Apellis Pharmaceuticals (APLS) Status Update summary

Study design and patient population

• VALIANT was a double-blind, randomized, placebo-controlled phase III trial evaluating pegcetacoplan in C3G and IC-MPGN patients aged ≥12 years, including both native and post-transplant cases, with both groups on optimized standard of care.

• Patients received pegcetacoplan or placebo (up to 1080 mg subcutaneously twice weekly) for 26 weeks; primary and secondary endpoints were assessed at 26 weeks.

• Inclusion required active disease, proteinuria ≥1g/day, and eGFR ≥30 mL/min/1.73 m²; patients with significant glomerular sclerosis, transplant rejection, or recent severe infection were excluded.

• Majority of patients had C3G, with some IC-MPGN and post-transplant recurrence cases.

Efficacy results

• Pegcetacoplan achieved a 68.1% reduction in proteinuria at 26 weeks versus placebo (P<.0001), with significant effects seen as early as week 4 and consistent across age, disease type, and transplant status.

• 60.3% of pegcetacoplan-treated patients achieved ≥50% proteinuria reduction compared to 4.9% with placebo, and 50.8% achieved proteinuria <1g/g at week 26; nephrotic-range proteinuria dropped from 38% to 14%.

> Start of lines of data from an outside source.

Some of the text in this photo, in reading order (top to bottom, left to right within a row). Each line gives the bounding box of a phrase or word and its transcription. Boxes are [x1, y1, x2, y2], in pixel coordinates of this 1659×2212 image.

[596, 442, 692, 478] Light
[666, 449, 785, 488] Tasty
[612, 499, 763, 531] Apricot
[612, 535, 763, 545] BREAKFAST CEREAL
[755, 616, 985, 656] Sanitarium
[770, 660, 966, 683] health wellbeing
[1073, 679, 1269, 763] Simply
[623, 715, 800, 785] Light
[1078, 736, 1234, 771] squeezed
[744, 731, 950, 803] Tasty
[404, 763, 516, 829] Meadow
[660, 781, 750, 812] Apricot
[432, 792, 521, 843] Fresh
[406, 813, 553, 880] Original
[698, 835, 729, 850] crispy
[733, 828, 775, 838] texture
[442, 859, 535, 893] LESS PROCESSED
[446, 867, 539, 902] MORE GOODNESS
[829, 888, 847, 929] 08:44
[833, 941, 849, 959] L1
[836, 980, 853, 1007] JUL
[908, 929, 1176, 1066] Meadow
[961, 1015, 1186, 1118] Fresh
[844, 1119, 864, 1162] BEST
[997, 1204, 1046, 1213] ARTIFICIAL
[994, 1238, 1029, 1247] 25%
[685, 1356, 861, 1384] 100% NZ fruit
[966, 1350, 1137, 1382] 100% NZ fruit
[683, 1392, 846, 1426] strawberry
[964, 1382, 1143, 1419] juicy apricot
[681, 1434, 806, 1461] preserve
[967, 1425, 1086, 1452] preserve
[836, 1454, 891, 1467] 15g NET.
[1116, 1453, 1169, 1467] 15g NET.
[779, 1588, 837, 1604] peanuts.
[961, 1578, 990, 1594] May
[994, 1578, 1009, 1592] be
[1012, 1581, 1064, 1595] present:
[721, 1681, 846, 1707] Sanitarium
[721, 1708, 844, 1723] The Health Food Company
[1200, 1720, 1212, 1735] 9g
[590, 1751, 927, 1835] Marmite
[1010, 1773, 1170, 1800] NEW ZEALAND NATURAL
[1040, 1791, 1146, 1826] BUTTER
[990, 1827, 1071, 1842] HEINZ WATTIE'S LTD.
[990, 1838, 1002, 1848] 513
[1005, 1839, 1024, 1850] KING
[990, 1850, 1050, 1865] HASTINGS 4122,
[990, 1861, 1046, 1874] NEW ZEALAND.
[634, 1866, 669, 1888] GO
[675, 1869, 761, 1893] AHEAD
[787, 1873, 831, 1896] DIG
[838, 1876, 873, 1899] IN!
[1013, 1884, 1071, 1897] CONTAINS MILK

• Pegcetacoplan stabilized eGFR (+6.3 mL/min/1.73 m² vs placebo, P=.03 nominal), with 49.2% achieving a composite endpoint of ≥50% proteinuria reduction and ≤15% eGFR decline (vs 3.3% placebo, 27x higher odds, P<.0001).

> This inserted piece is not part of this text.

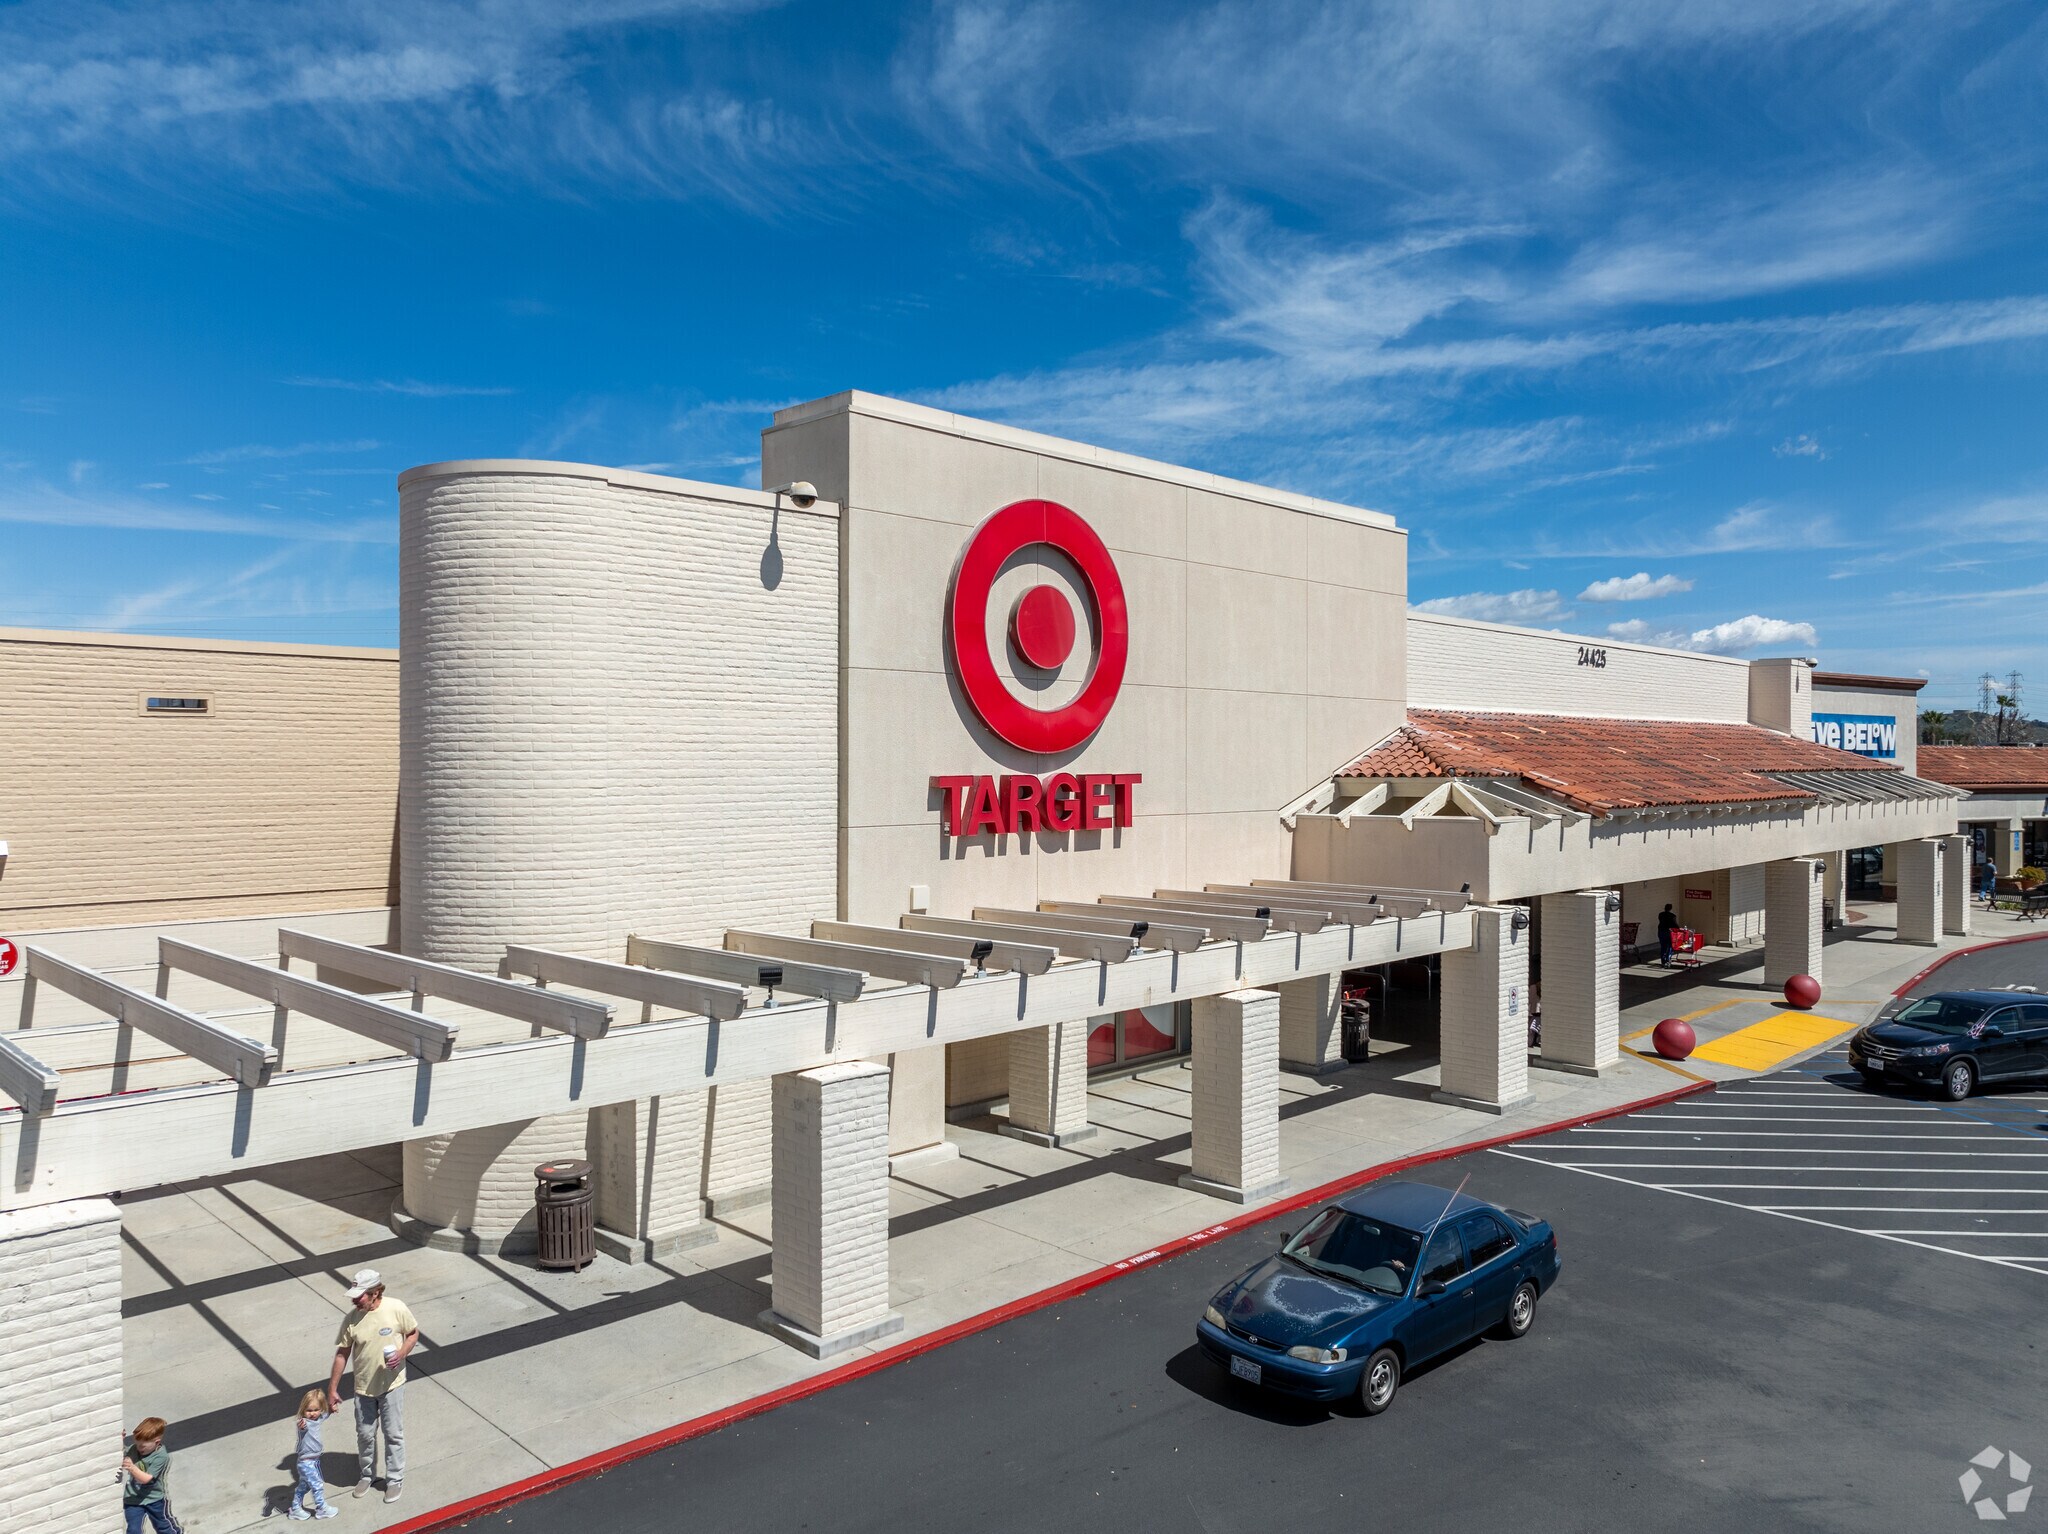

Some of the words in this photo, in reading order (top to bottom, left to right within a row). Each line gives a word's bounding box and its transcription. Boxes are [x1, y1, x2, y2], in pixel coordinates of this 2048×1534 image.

• 71% of patients had zero C3c staining on biopsy at week 26, compared to 11.8% with placebo (27x higher odds, P<.0001), indicating effective disease control.

Biomarker and histology findings

• Pegcetacoplan reduced the activity score of the C3G histologic index, though the difference versus placebo was not statistically significant (P=.28).

• The C3c staining endpoint is considered highly meaningful by clinicians, indicating disease shutdown.